SWITZERLAND – A special commission investigating the financial problems of a pension fund for civil servants in the city of Fribourg has placed part of the blame for the scheme’s troubles on its former trustee.

In past years, the public scheme in question has been grossly underfunded, with its coverage ratio – used to gauge the extent to which liabilities are funded – falling to as little as 31.4%.

Swiss law permits underfunding at public pension funds owing to a state guarantee.

Indeed, the situation at the small scheme forced Fribourg’s government to bail it out to the tune of €19m in January. At the same time, a special commission led by Claude Joye was formed to look into what went wrong.

According to Swiss press reports, Joye has sharply criticised Dominique de Buman, trustee of the scheme between 1991 and 2004, for not being honest enough about the fund’s financial woes.

“We should expect that people who are in charge of such an institution for more than 10 years have the competence to run it,” Joye was quoted as saying.

The commission did not find any evidence of wrongdoing by de Buman or others involved with stewardship of the pension fund in Fribourg, which has around 33,600 inhabitants.

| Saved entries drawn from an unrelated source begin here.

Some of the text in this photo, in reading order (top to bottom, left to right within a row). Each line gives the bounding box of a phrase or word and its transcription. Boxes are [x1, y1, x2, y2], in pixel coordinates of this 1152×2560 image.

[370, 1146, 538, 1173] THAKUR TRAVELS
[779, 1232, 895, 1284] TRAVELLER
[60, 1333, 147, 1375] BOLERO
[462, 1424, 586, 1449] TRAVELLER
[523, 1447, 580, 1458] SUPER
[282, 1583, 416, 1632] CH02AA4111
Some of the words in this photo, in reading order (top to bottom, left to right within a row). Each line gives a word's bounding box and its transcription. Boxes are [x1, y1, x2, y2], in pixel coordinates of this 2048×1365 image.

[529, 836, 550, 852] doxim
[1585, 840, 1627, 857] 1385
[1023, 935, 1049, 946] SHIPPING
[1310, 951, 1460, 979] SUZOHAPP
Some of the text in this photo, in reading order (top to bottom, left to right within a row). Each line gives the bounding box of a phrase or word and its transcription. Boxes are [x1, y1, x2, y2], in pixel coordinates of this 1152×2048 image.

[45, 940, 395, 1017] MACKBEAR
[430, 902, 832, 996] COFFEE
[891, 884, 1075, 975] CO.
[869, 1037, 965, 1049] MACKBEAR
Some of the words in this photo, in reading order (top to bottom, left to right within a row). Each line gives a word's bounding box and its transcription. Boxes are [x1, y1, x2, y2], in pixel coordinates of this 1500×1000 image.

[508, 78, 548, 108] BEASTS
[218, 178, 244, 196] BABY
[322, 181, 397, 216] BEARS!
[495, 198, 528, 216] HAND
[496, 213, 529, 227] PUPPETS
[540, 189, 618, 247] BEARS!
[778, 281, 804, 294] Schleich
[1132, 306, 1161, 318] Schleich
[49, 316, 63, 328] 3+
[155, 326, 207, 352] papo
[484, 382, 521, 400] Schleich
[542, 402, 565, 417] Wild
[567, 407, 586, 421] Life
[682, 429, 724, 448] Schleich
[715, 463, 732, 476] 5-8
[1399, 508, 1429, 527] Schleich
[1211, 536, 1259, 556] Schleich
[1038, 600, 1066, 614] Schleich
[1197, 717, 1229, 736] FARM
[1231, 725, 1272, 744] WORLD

However, this was not enough to quell de Buman’s rage over the report. Speaking to Swiss journalists, he demanded that Fribourg’s public authorities declare the report “worthless” - adding that if they did not he would seriously consider legal action.

The Fribourg scheme is just one of several Swiss public pension funds that have become seriously underfunded.

Others include BLVK, a scheme insuring teachers in the Swiss capital of Berne, and two schemes insuring civil servants and teachers in the Swiss canton of Valais.

BLVK is currently in deficit, mainly caused by overexposure to equities during the market crash. Meanwhile, the government for the Valais canton has partially plugged a deficit of CHF1.4bn at the two civil servant schemes.